Sunday, December 2, 2012

Simplicity

A few events from the last 24 hours, I think, are relevant to my final post. Many questions have come up in this class - purpose, venue, audience, consonance, dissonance, pretensioncondescension, class, the list continues - which, in my personal sphere, center around one dichotomy: complexity versus simplicity. 

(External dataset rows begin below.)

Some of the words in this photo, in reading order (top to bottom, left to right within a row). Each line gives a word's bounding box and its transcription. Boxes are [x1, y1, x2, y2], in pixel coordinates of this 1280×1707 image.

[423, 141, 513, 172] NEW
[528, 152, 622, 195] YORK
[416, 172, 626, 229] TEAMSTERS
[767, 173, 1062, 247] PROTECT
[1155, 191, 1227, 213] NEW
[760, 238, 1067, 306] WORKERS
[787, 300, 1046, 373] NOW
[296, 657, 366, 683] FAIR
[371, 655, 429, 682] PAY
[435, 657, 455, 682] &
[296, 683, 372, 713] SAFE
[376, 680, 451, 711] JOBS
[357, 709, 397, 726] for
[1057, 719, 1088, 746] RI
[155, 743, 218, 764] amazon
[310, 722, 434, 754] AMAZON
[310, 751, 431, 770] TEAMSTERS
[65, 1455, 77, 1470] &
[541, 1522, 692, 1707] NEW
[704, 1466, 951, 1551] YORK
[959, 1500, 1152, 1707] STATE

Last night, while writing up something bizarre, convoluted, thrilling and questionable for EEP, I was happily interrupted by one of my artistic partners, a choreographer and playwright I've worked with on large-scale chamber ballets as well as 4 minute improvisatory solo dances. In discussing an upcoming project, she shared with me this piece of music, asking me if I was interested in creating something in this spirit for a very personal dance solo she was showing in a few months:





Her words: "I want you to explore and make the music that comes for the essential Kaley AND you should know, right now, I am very wedded to this particular feel. the simplicity. the stirring quality. The repetition. it's very cinematic actually. I listened to this this morning when snow was falling... it's snow falling music. it's water rushing music. it's of the nature music. it's melancholy beauty." 

I was struck immediately by the youtube comments (9,330 listens, 127 likes, 1 dislike): "Exquisite." "This is flawless artistry." "Musical perfection which stirs the heart and soul...music to write by..." "This piece almost has a mystical flair to it, I feel like I'm looking over rolling hills and enchanted forests from some old fairy tale." "On iPod on repeat. She is magical." "Nothing compares to the sound of the piano in this song. Nothing. Beautiful piece of music."

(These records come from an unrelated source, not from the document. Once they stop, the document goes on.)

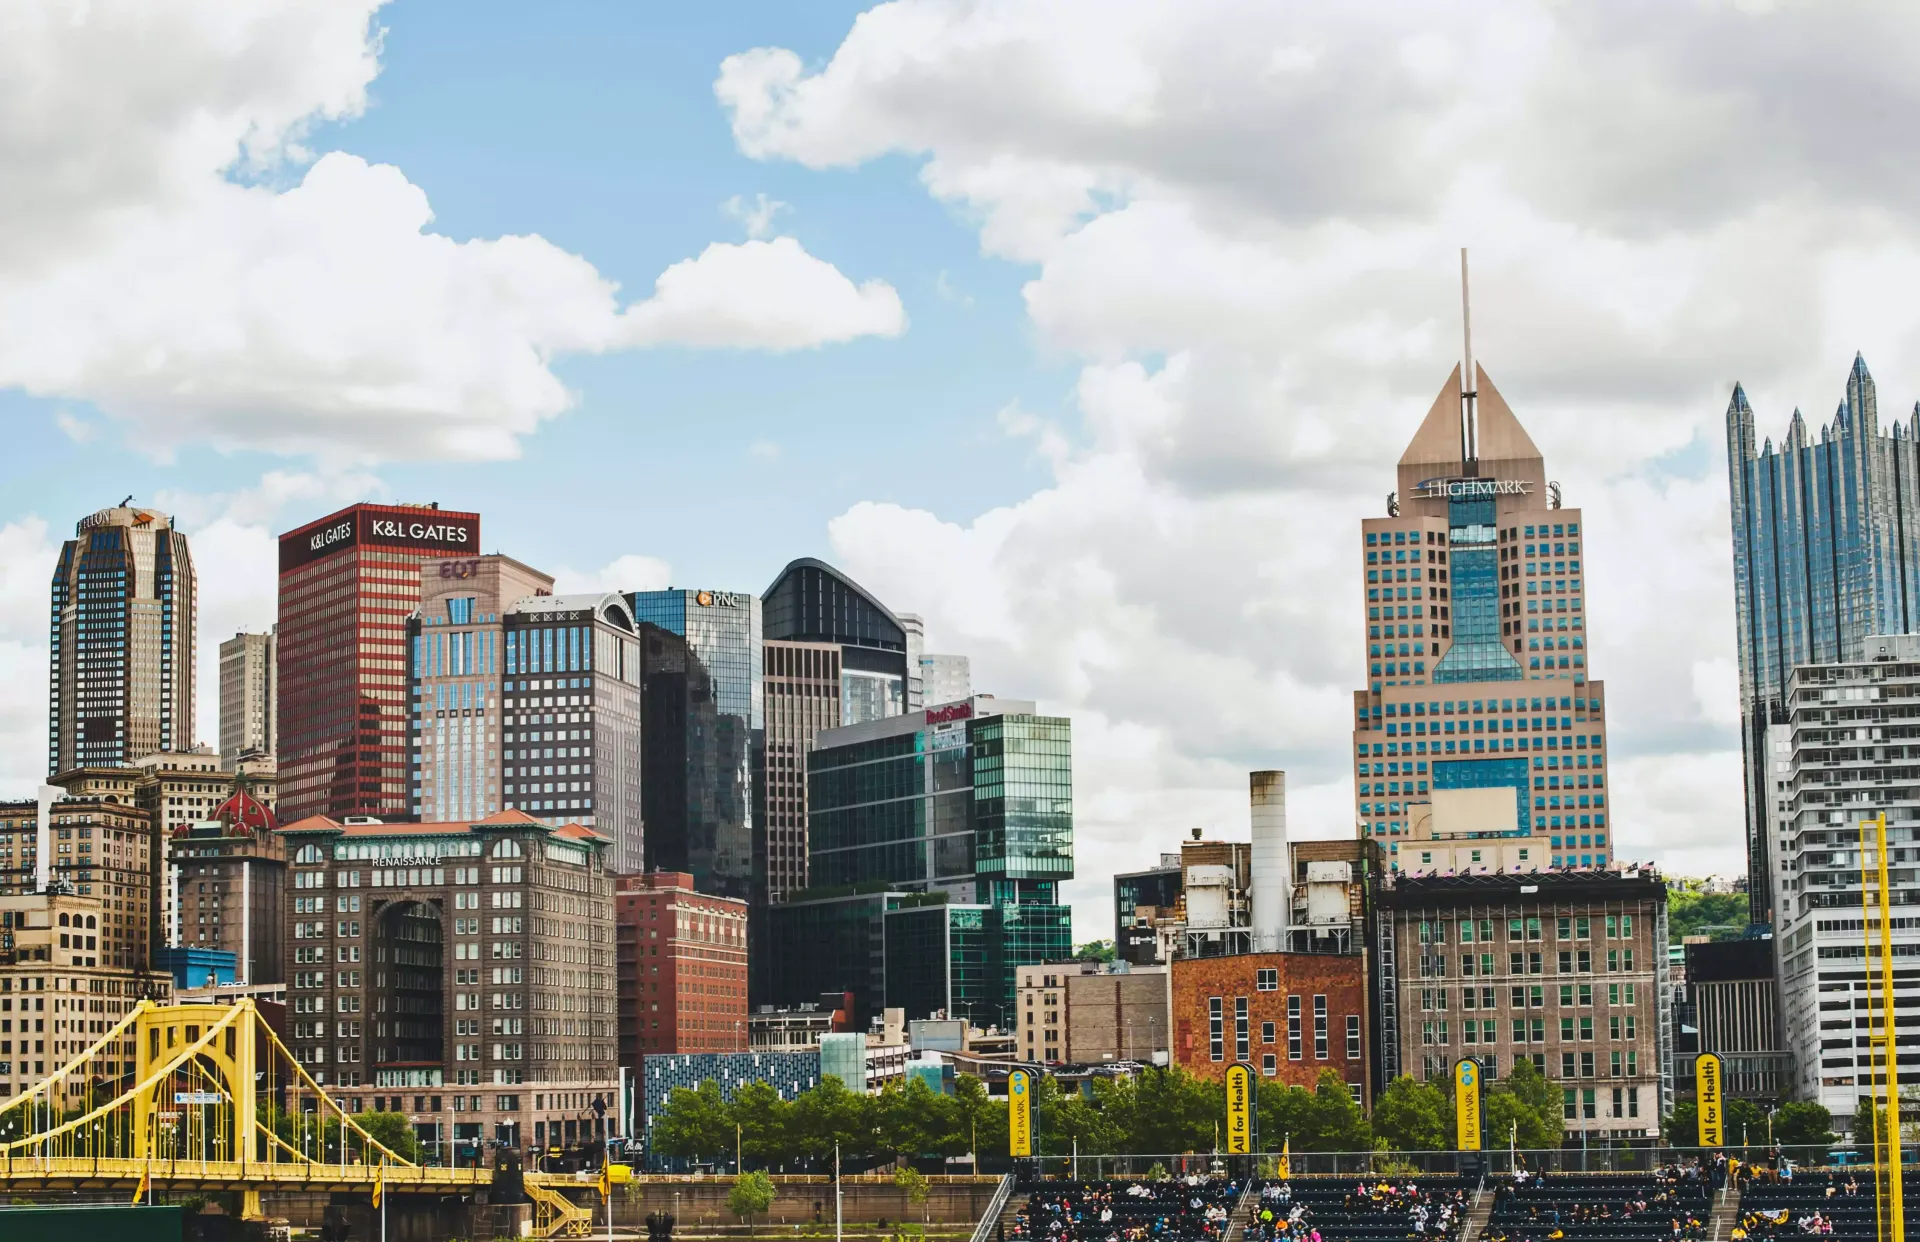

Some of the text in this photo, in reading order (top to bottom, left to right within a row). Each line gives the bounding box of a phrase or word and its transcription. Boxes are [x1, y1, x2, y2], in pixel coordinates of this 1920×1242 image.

[1429, 479, 1526, 498] HIGHMARK
[310, 522, 351, 550] K&L GATES
[372, 519, 468, 543] K&L GATES
[440, 560, 480, 580] EQT
[713, 594, 740, 607] PNC
[372, 857, 442, 867] RENAISSANCE
[1232, 1073, 1245, 1153] All for Health
[1702, 1061, 1717, 1145] All for Health

And then I remembered a composition lesson I had once long ago, not in this lifetime. I was showing a few sketches of a piece I was writing that used many drones, repetitive structures, and consonant harmonies, based in a West African tradition. The professor said something, nonchalantly, to the tune of, "I mean, if you keep making choices like that, it's going to be a minimalist piece. And obviously you don't want that." I remember staring at the score, puzzled, after this comment. The professor looked a little startled, confused that my reaction wasn't an immediate rejection of this horrifying prospect. "I mean, do you?" I think I shrugged, said something stylish and P.C. like, "I don't think I'm far along enough in the piece to know yet," etcetera. I left feeling confused, frustrated.

So I have been thinking about this piece non-stop since I listened last night, not only for its beauty but for the genuine, universal reaction it elicits. Why would we, as composers, ignore this? Why would we ignore this utopian acceptance of a piece, simply because it makes sense, it makes people feel things, it gives them images, it is a gift, an offering, a reaching out? Is it our goal to transcend that? And is that really transcending, or is it avoiding? 

Of course, after listening to this song and considering the setting of a dance solo, I happily accepted my partner's offer, with the following response: "It will be therapeutic for me to achieve this [simplicity], since every force in my musical life pushes me out of simplicity into complexity." She responded, simply, "I know."

With this on my mind, the morning's events at my usual church gig were rather poignant. A few hymns, a few choral pieces in, the minister decided to add a musical coda on to his sermon. He sang a phrase, modal, pentatonic, American: "There's always more love left." He asked the congregation to join in and sing any harmony they wanted. 

I was astounded. At the sound, and the feeling I had making it. I can't really describe it, just, harmonies, community, the ministers eyes closed, no one expressing anything too effusive, just a gentle, loving moment, probably inducing a surge of oxytocin in all of us. And then I realized that all other attempts at making music simply exist to replicate this feeling. Rarely do we experience an exact copy.

So, these two experiences, in the last 24 hours, have cemented a belief in my mind: music is not an intellectual experience. It is a physiological one. The future of music, I think, depends on this realization. The future of music is the above two experiences (and, interestingly, that's the past of music, too).

I probably sound like a broken record on this point; but I can't ignore it when I consistently have these shaking reminders - reminders that the most earth-shattering musical experiences of my life were communal, cathartic, and none of them took place in a concert hall.

Farewell, class - I'm privileged to have pondered these things in your company. Isaiah, I hope to continue to write on this blog as more interesting conundrums present themselves in my musical life....

1 comment:

Joanne said...

This song and many others by her come up on my Pandora station a lot!! Love it!!!